──────── SOURCE DATA ────────
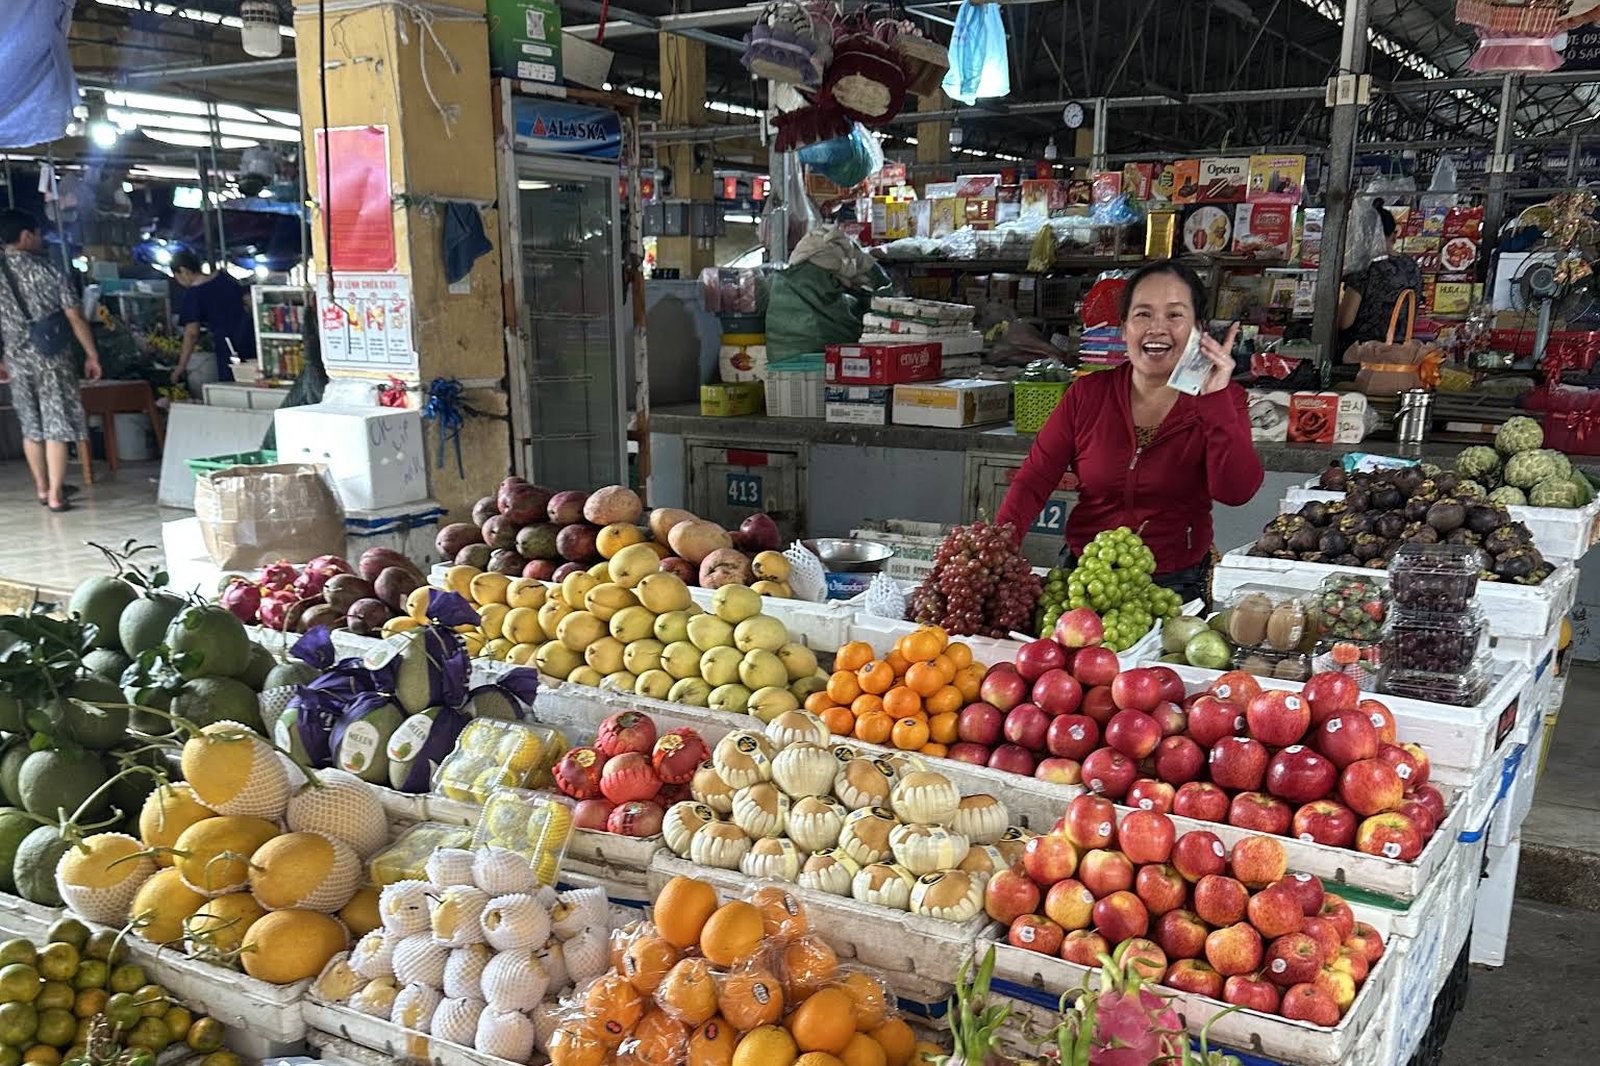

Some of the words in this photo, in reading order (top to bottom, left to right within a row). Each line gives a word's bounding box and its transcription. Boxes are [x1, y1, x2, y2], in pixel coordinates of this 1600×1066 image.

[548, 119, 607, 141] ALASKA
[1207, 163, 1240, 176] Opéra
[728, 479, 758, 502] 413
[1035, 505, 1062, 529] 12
────────
■ **WHAT TO DO**:
No picture belongs in the answer; the rest of the records must be repeated exactly.

■ **RESULT**:
Some of the words in this photo, in reading order (top to bottom, left to right within a row). Each line gives a word's bounding box and its transcription. Boxes are [x1, y1, x2, y2], in pixel coordinates of this 1600×1066 image.

[548, 119, 607, 141] ALASKA
[1207, 163, 1240, 176] Opéra
[728, 479, 758, 502] 413
[1035, 505, 1062, 529] 12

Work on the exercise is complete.